Could you copy the data that follows exactly as written, but drop the pictures?

→ **Dataset items**
────
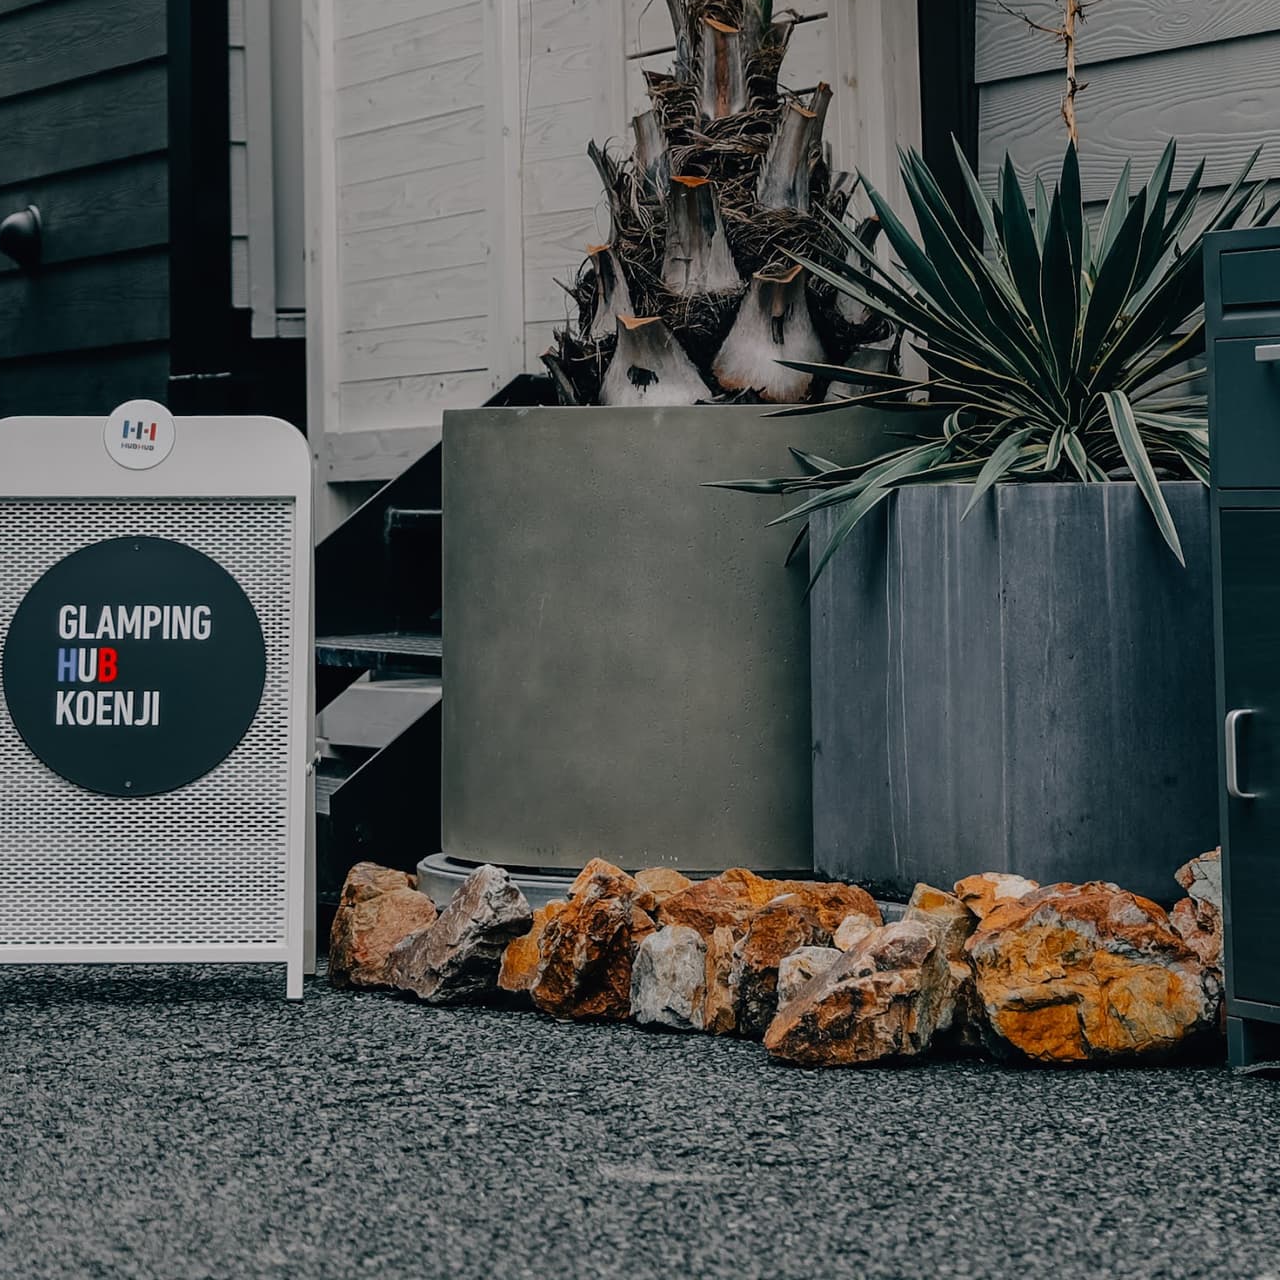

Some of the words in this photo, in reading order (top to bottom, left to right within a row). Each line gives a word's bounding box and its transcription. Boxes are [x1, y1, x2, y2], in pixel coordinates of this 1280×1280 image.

[59, 604, 211, 640] GLAMPING
[58, 647, 118, 683] HUB
[56, 690, 160, 726] KOENJI
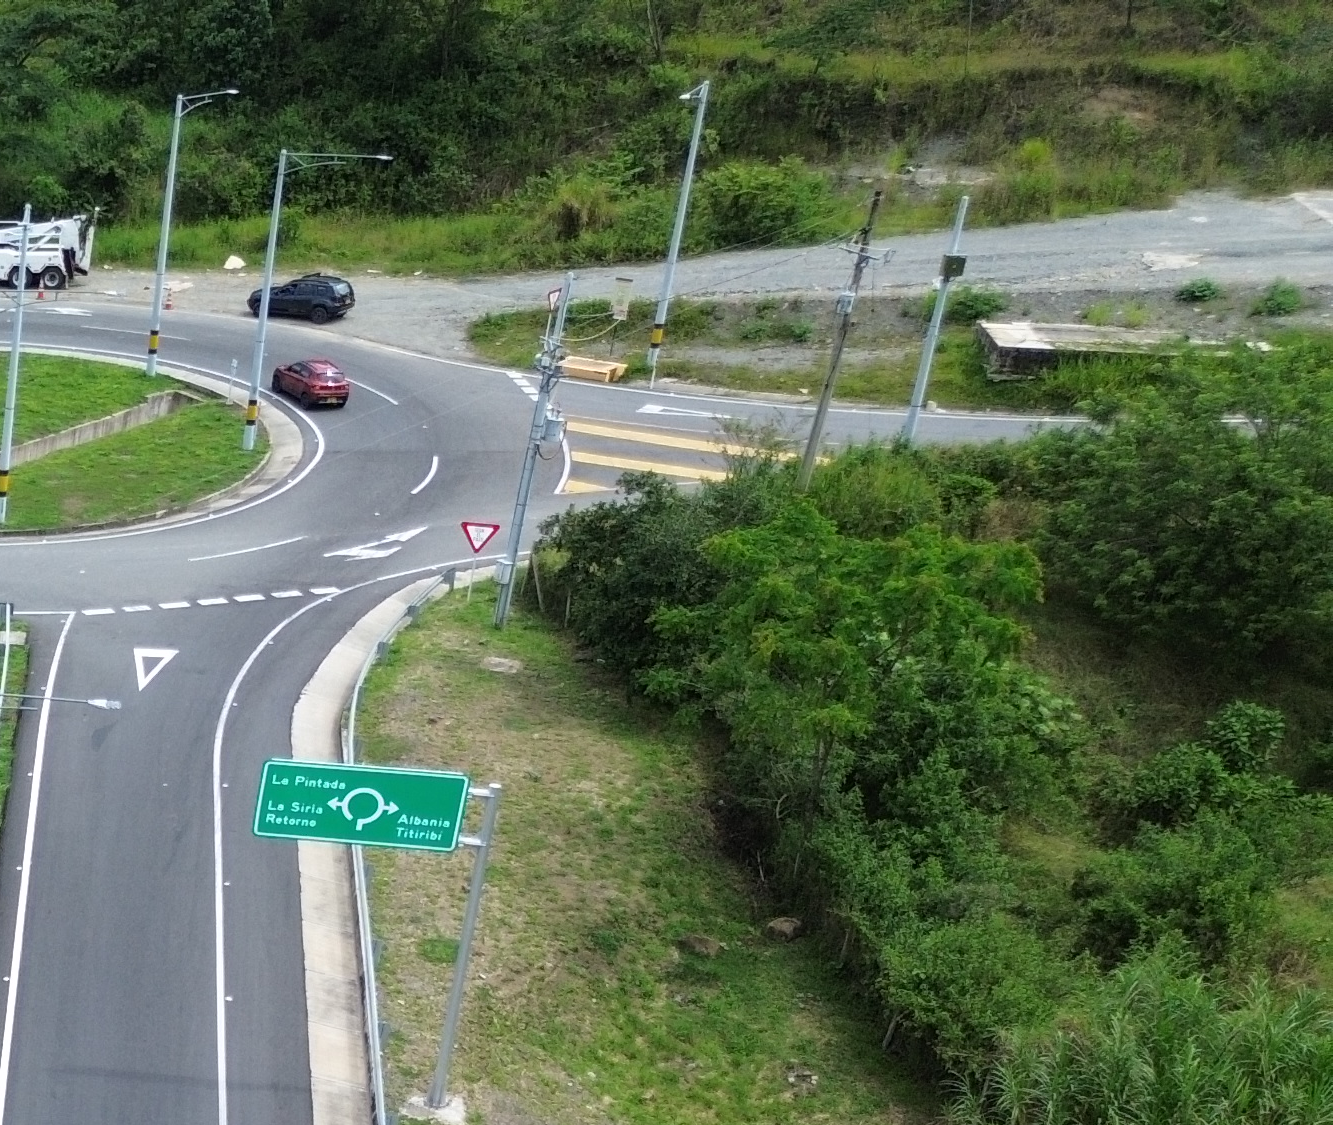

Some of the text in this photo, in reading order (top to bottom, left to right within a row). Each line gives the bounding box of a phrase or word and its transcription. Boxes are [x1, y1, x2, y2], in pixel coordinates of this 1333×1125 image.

[272, 774, 346, 790] La Pintada
[267, 800, 323, 815] La Siria
[265, 813, 317, 828] Retorno
[397, 813, 451, 828] Albania
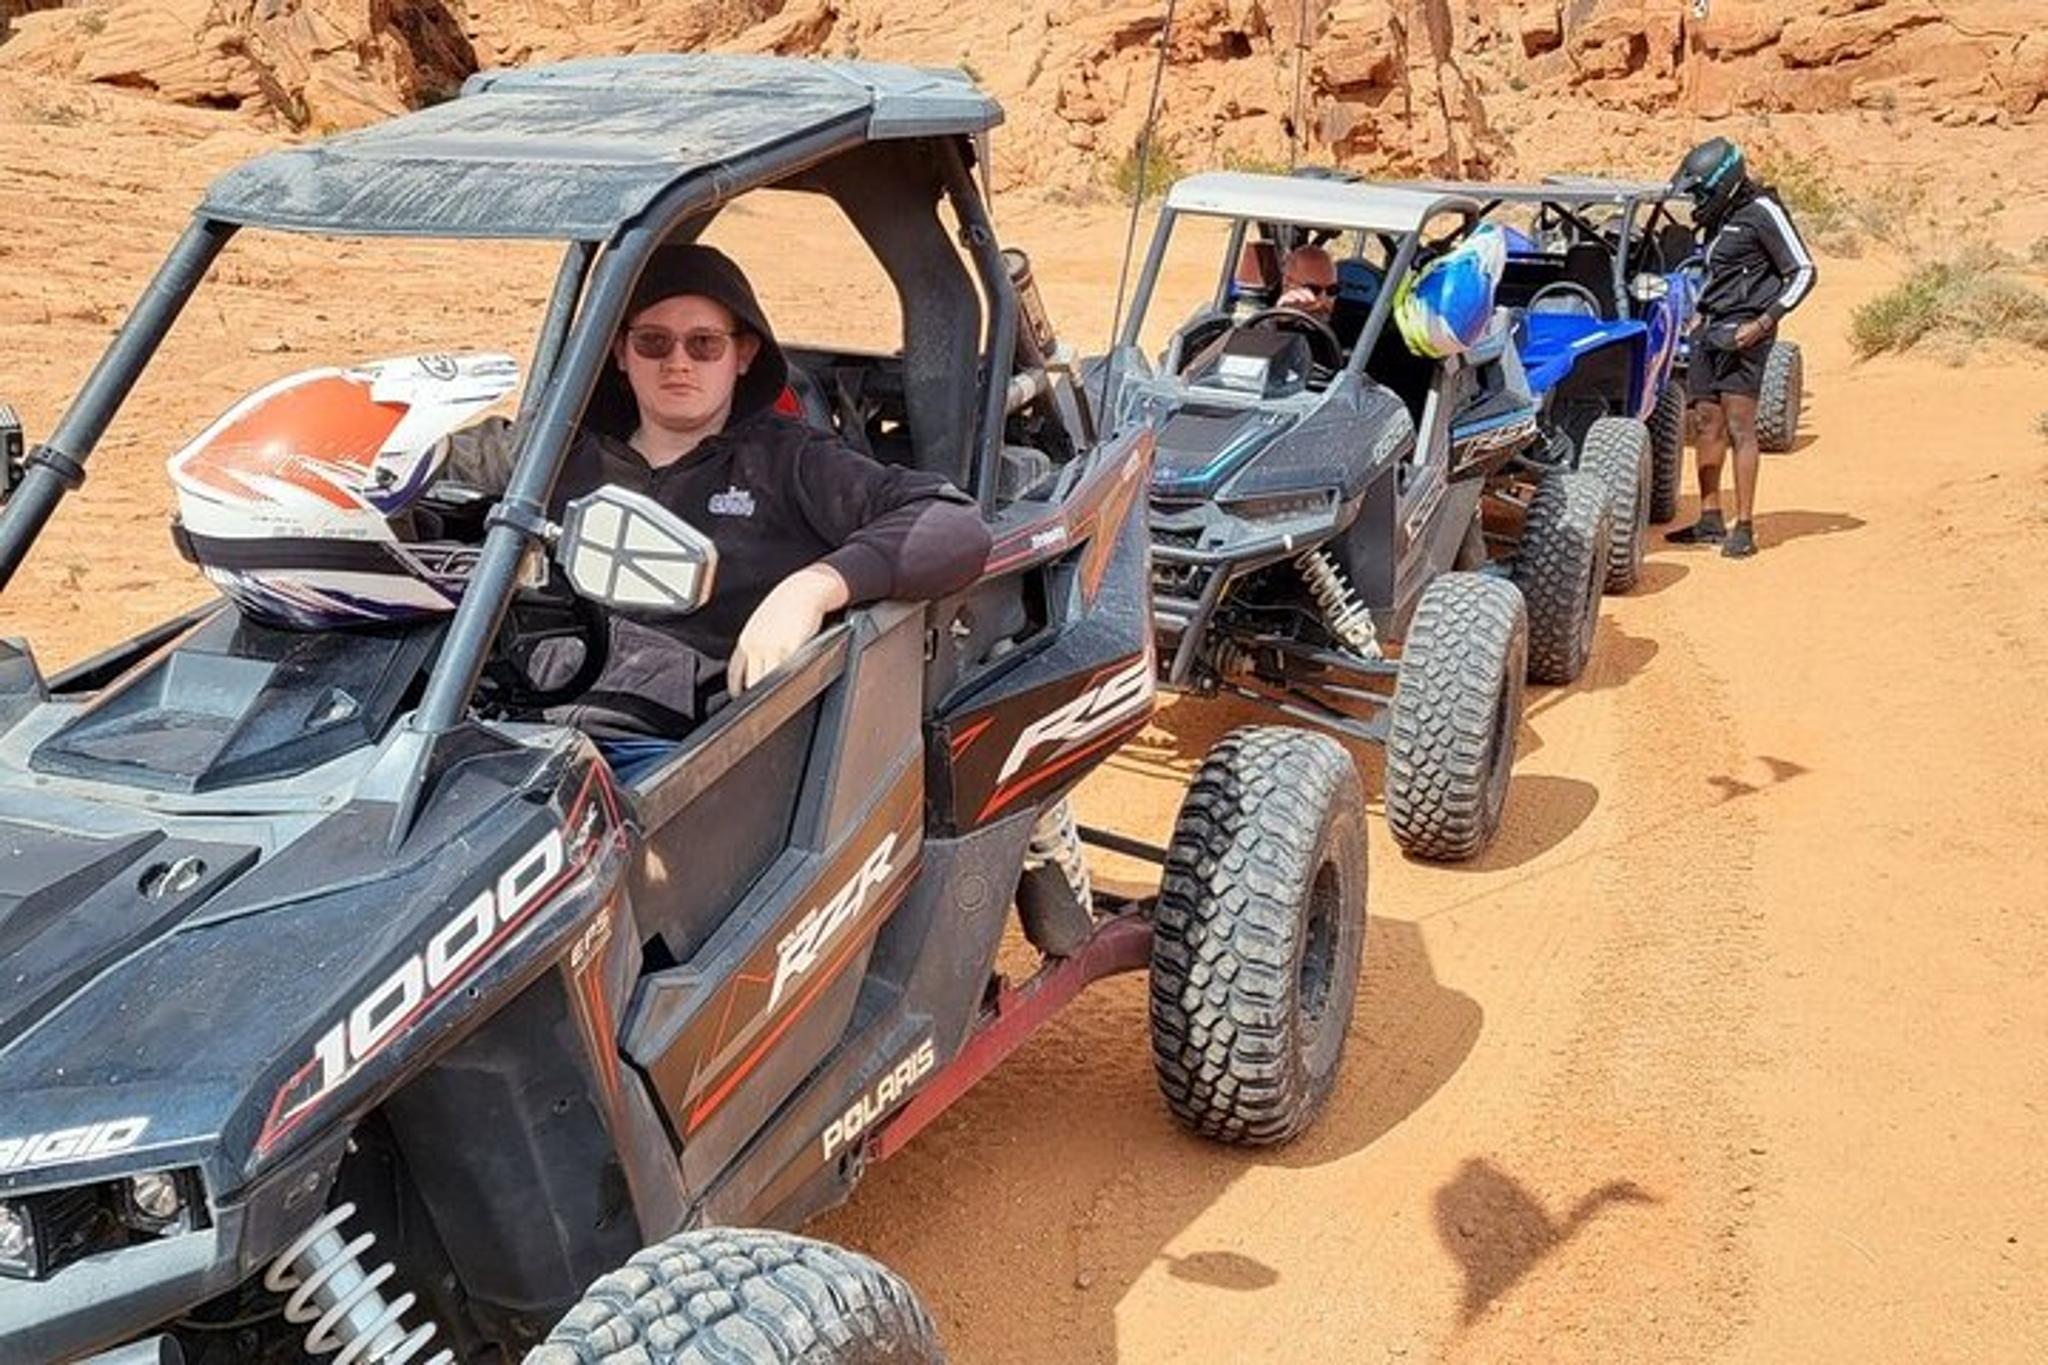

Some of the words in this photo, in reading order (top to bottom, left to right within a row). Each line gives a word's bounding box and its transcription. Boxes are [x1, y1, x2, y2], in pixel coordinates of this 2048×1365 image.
────
→ **Result**
Some of the words in this photo, in reading order (top to bottom, left to right within a row). Each line gives a word's bounding box and its transcription. Boxes are [x1, y1, x2, y2], in pixel coordinates of this 1280×1280 image.

[59, 604, 211, 640] GLAMPING
[58, 647, 118, 683] HUB
[56, 690, 160, 726] KOENJI

Some of the text in this photo, in reading order (top to bottom, left to right within a row). Each line gives the bounding box of a phrase or word and its transcription. Boxes are [x1, y1, x2, y2], in pixel coordinates of this 1333×1125 image.

[272, 774, 346, 790] La Pintada
[267, 800, 323, 815] La Siria
[265, 813, 317, 828] Retorno
[397, 813, 451, 828] Albania

Some of the words in this photo, in reading order (top to bottom, left to right within a row). Each line gives a word's bounding box and its transcription. Boxes are [x1, y1, x2, y2], in pixel coordinates of this 2048×1365 image.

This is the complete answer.